* _Task instructions_
Leave out the pictures and transcribe the rest of the records exactly.

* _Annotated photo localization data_
****

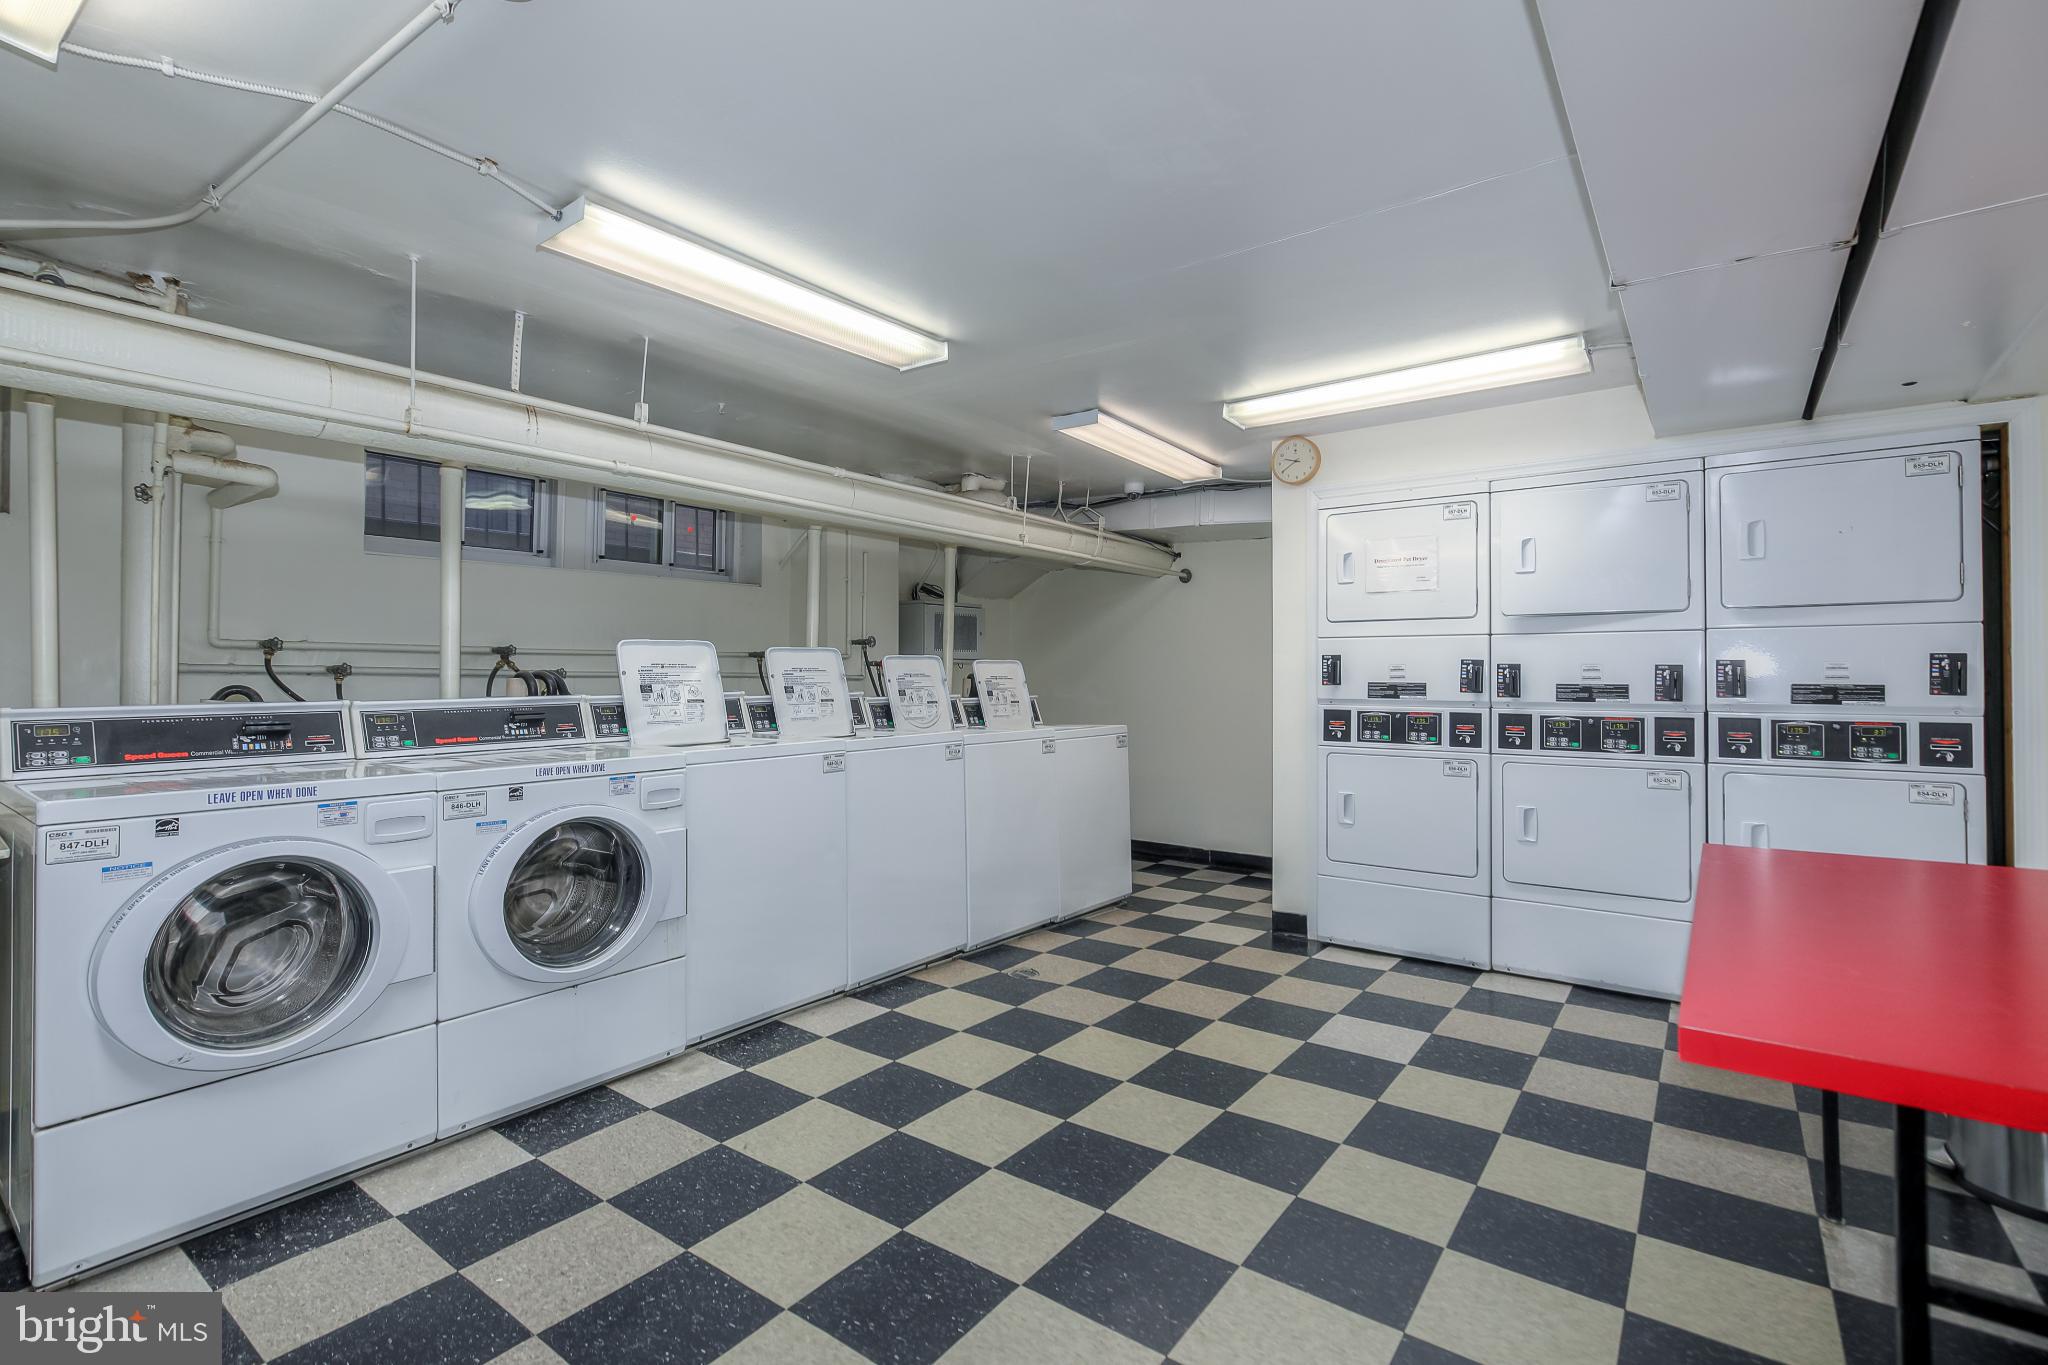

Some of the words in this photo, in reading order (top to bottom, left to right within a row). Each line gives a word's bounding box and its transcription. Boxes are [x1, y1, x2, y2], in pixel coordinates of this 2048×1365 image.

[124, 752, 157, 761] Speed
[157, 751, 189, 759] Queen
[535, 767, 554, 777] LEAVE
[555, 766, 571, 776] OPEN
[572, 764, 590, 774] WHEN
[591, 763, 606, 772] DONE
[207, 792, 237, 805] LEAVE
[240, 790, 264, 802] OPEN
[267, 788, 293, 800] WHEN
[295, 786, 318, 798] DONE
[59, 838, 110, 851] 847-DLH

****

* _Response below_
Some of the words in this photo, in reading order (top to bottom, left to right within a row). Each line gives a word's bounding box and its transcription. Boxes are [x1, y1, x2, y2], in pixel coordinates of this 2048×1365 image.

[124, 752, 157, 761] Speed
[157, 751, 189, 759] Queen
[535, 767, 554, 777] LEAVE
[555, 766, 571, 776] OPEN
[572, 764, 590, 774] WHEN
[591, 763, 606, 772] DONE
[207, 792, 237, 805] LEAVE
[240, 790, 264, 802] OPEN
[267, 788, 293, 800] WHEN
[295, 786, 318, 798] DONE
[59, 838, 110, 851] 847-DLH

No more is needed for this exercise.